Longues journées de souffrances physiques et d'abandon moral, agrémentées, heureusement pour nous, par cet appel "Paul! Paul!" qui
nous apportait un peu de joie et d'espoir. "Paul! Paul!" on appelait de la cour des détenus du fort du Hâ français. Un pain garni
qui tombait dans la hotte, partagé entre dix - quelques cigarettes - des lettres qui nous arrivent,... Les réponses griffonnées en
hâte (nous n'avons qu'un bout de crayon pour dix) - sur un bout de papier quelconque, s"envolent par la même voie. "Paul! Paul!" on
appelle du 1er et du 2ème étage. - C'est Bébert, du 5, un type du milieu, revu et souvent sauvé, quand Paul
était chef de la sûreté. Celui-ci avait trouvé un moyen de communication plus sûr: un trou creusé mystérieusement dans le mur, donnait
passage à un petit tube qui circulait du 2 au 7.

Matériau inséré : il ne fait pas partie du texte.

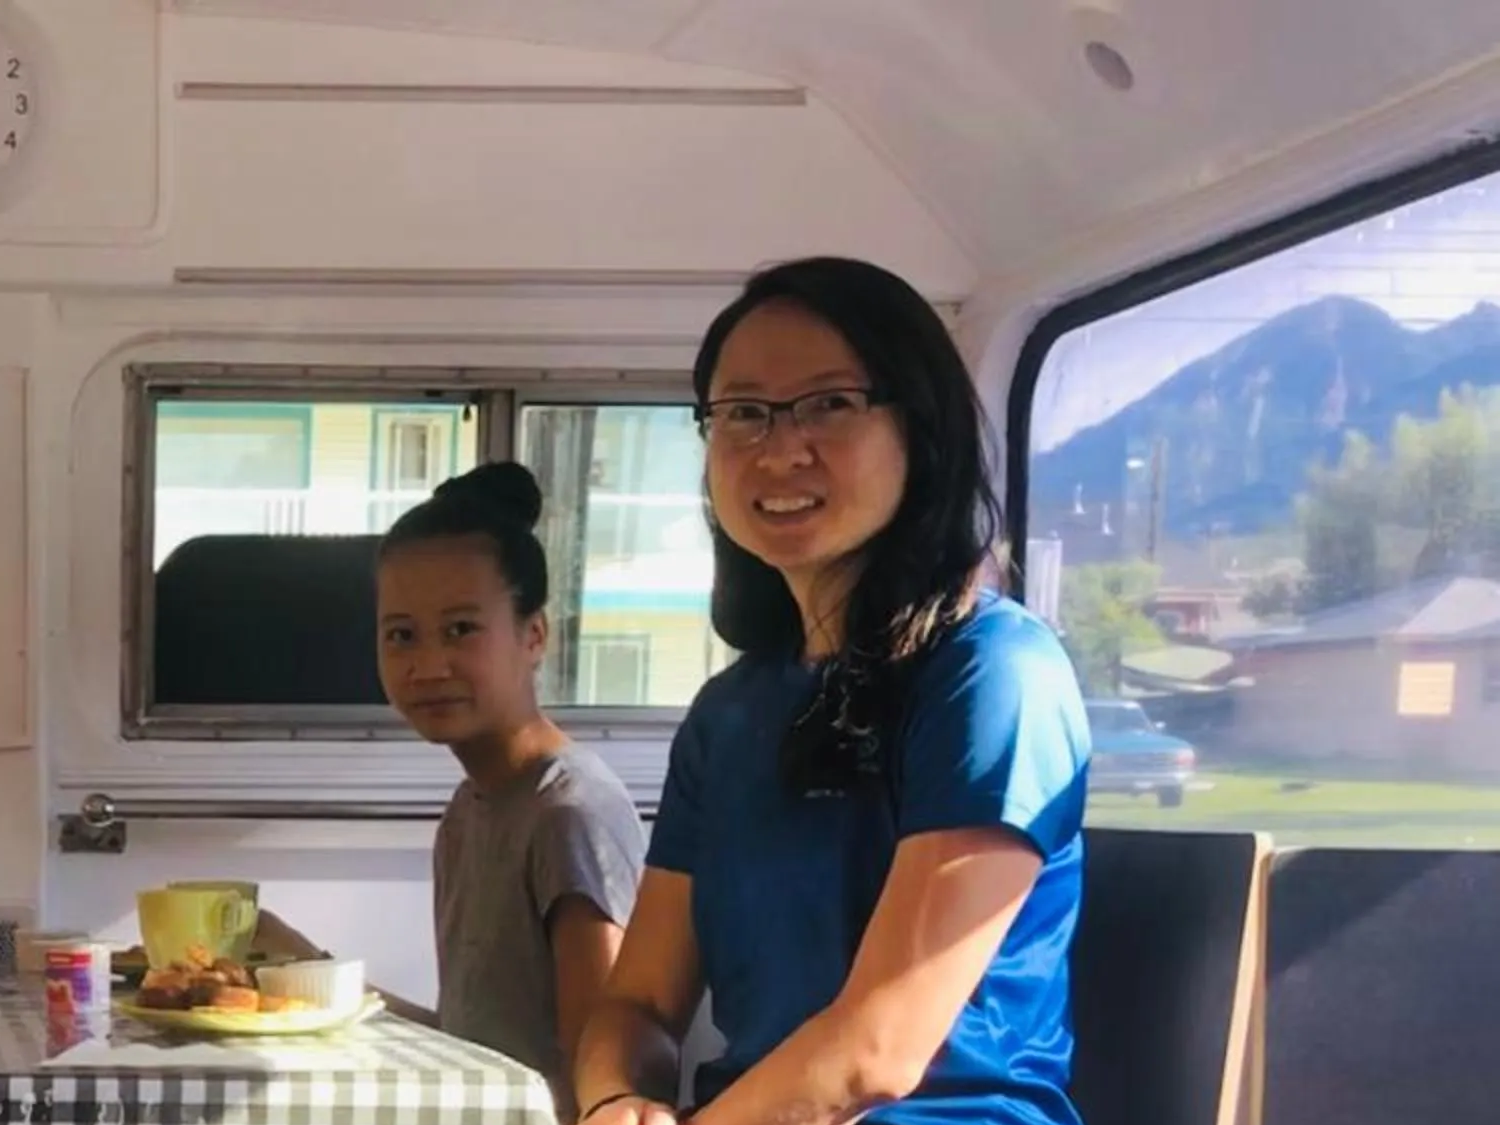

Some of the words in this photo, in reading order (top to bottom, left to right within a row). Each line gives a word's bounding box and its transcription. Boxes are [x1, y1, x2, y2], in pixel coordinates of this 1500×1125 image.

Que de services n'a-t-il aps rendu à ses compagnons de misère, malgré ses souffrances personnelles, car, dès son premier interrogatoire
dans les lieux de flagellation du Bouscat, il se savait à la merci de ses accusateurs et bourreaux. Néanmoins, il avait toujours un
mot de réconfort pour les uns et les autres.
Je me rappelle encore, après deux ans, de ses encouragements à un jeune étudiant accusé d'avoir photographié, de Blanquefort, dans
un petit appareil 6 1/2 x 9, une vue de Bordeaux, survolée par des ballonnets!!!, à un honorable commerçant d'Orthez, coupable d'être
le père de son fils accusé, sans preuve aucune, d'avoir favorisé le passage en Espagne, et à moi-même, incarcéré pendant 50 jours,
carte rouge, (c'est à dire candidat pour otage ou le transport en Allemagne). Je n'ai jamais su pourquoi.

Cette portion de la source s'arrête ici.